[Source data]
----
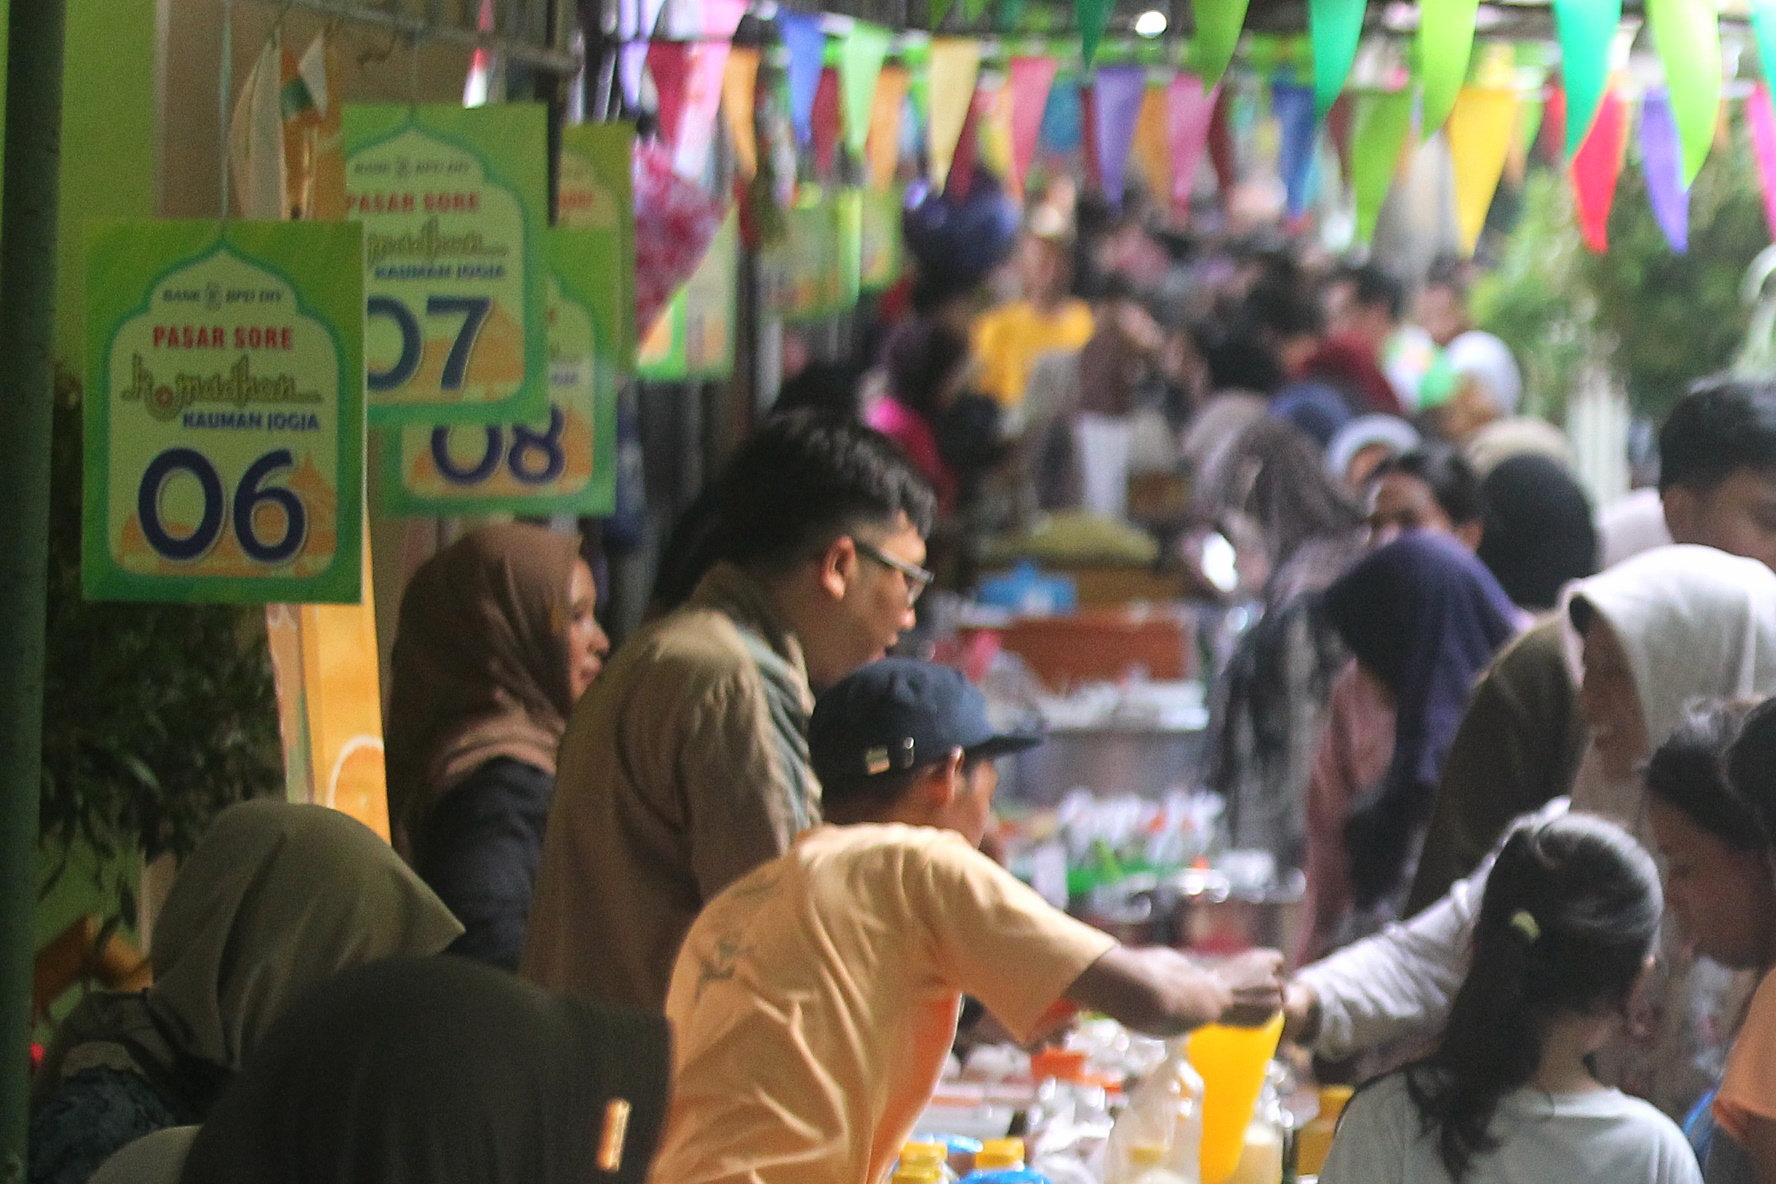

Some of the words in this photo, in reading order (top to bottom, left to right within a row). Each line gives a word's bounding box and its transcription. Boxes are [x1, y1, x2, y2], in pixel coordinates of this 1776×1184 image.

[424, 192, 481, 213] SORE
[153, 325, 225, 348] PASAR
[234, 326, 293, 348] SORE
[368, 295, 492, 393] 07
[183, 412, 263, 430] KAUMAN
[268, 412, 321, 431] JOGJA
[431, 402, 565, 486] 08
[138, 447, 308, 563] 06
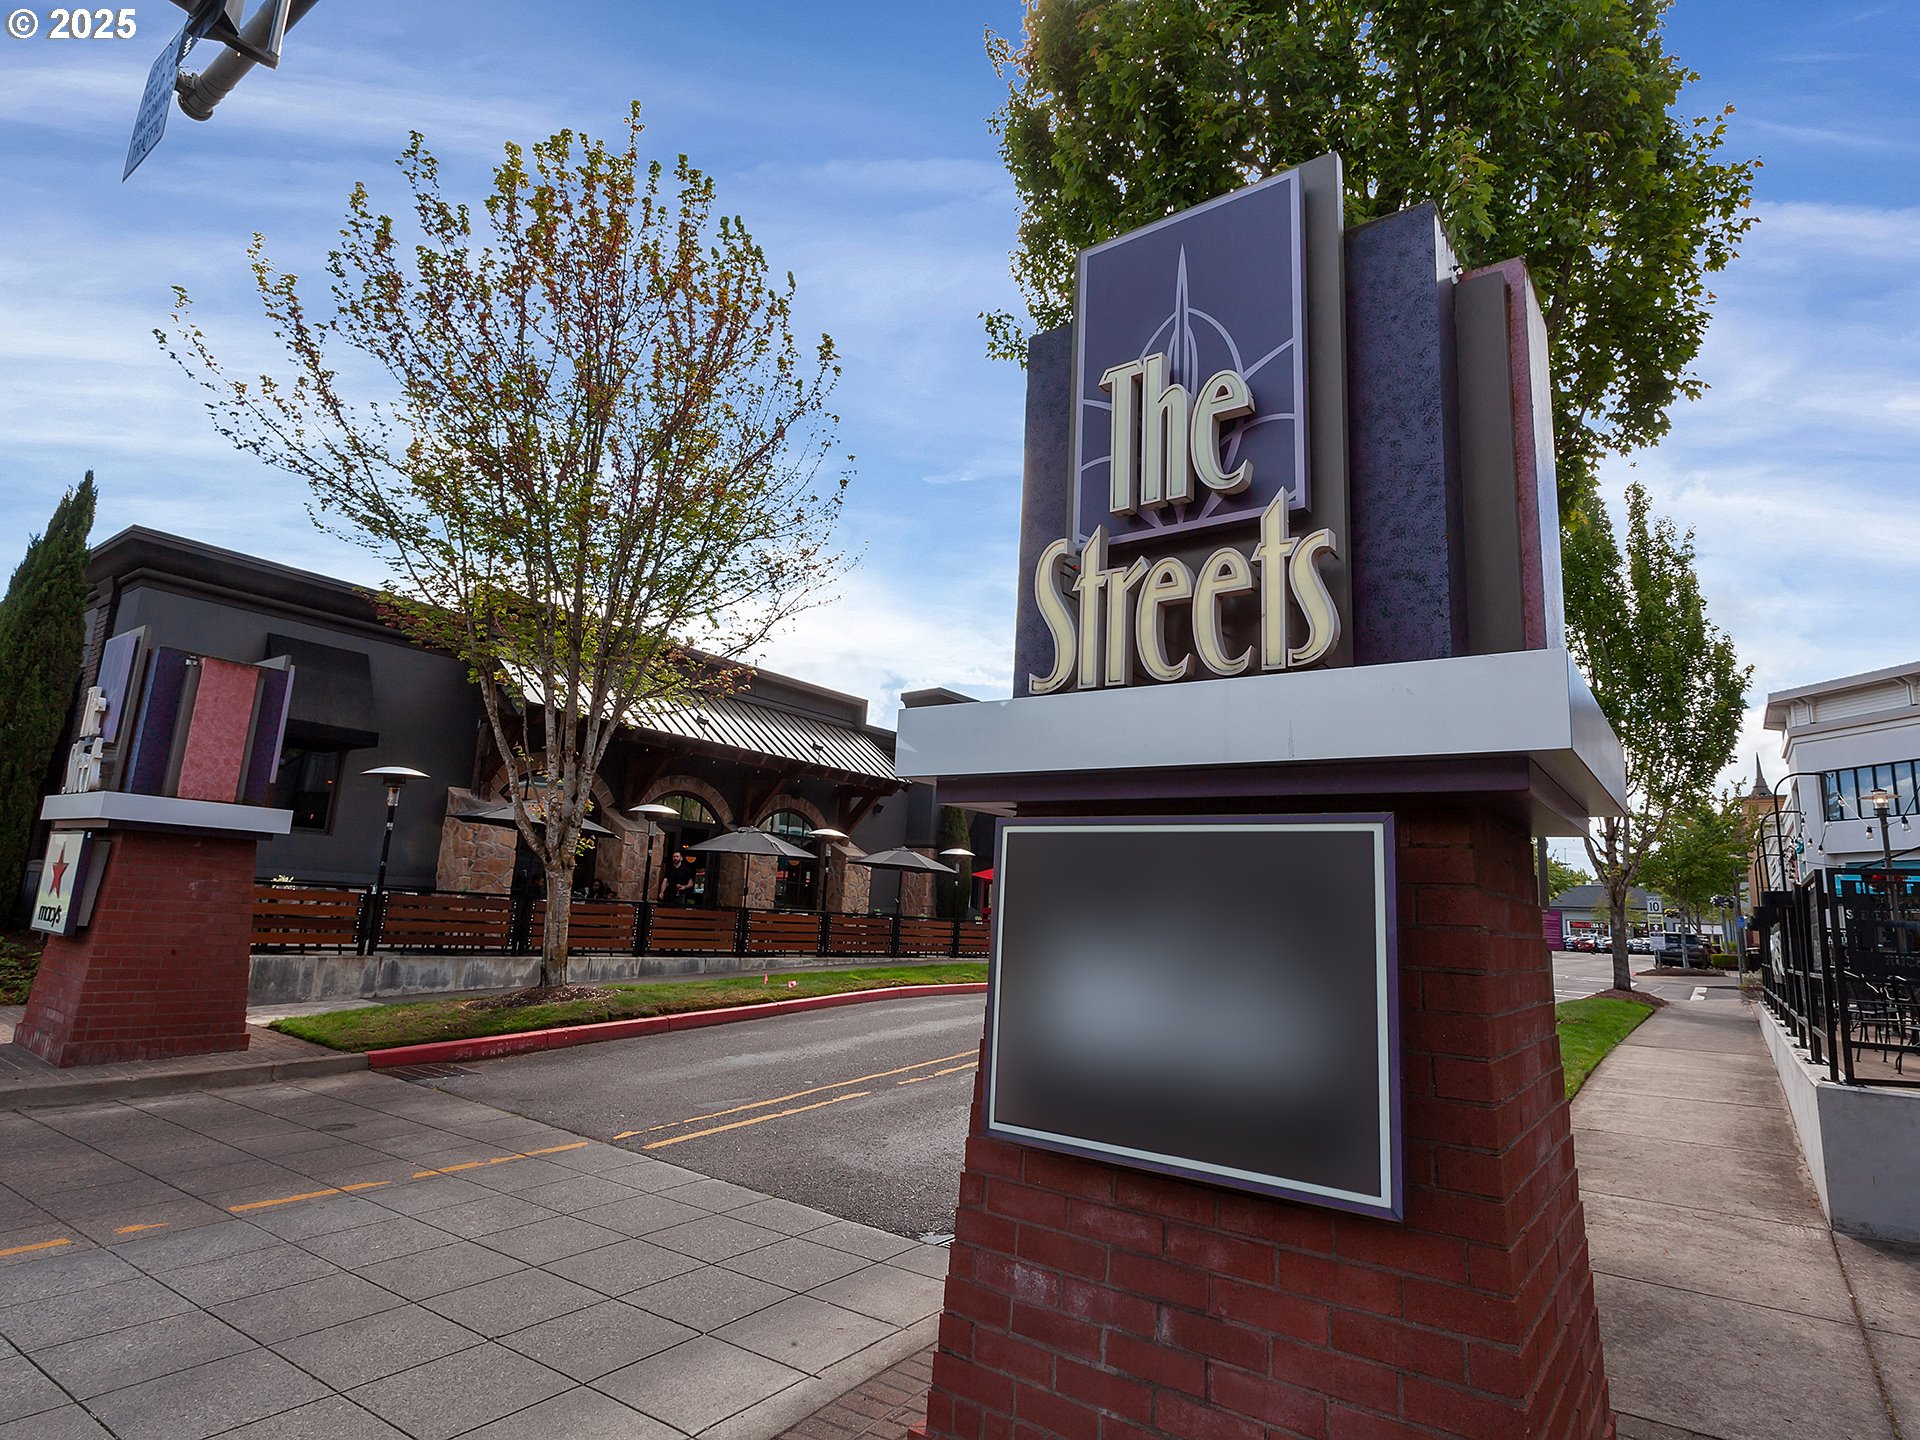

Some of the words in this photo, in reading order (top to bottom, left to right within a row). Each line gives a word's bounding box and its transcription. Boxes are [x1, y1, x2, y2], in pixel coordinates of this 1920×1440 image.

[1099, 352, 1255, 517] The
[1029, 486, 1341, 694] Streets
[1649, 901, 1660, 912] 10
----
Work to be completed — Since only the text is wanted, repeat all the records above exactly and omit the pictures.

Exercise result —
Some of the words in this photo, in reading order (top to bottom, left to right within a row). Each line gives a word's bounding box and its transcription. Boxes are [x1, y1, x2, y2], in pixel coordinates of this 1776×1184 image.

[424, 192, 481, 213] SORE
[153, 325, 225, 348] PASAR
[234, 326, 293, 348] SORE
[368, 295, 492, 393] 07
[183, 412, 263, 430] KAUMAN
[268, 412, 321, 431] JOGJA
[431, 402, 565, 486] 08
[138, 447, 308, 563] 06

Some of the words in this photo, in reading order (top to bottom, left to right within a row). Each line gives a word's bounding box and its transcription. Boxes are [x1, y1, x2, y2], in pixel coordinates of this 1920×1440 image.

[1099, 352, 1255, 517] The
[1029, 486, 1341, 694] Streets
[1649, 901, 1660, 912] 10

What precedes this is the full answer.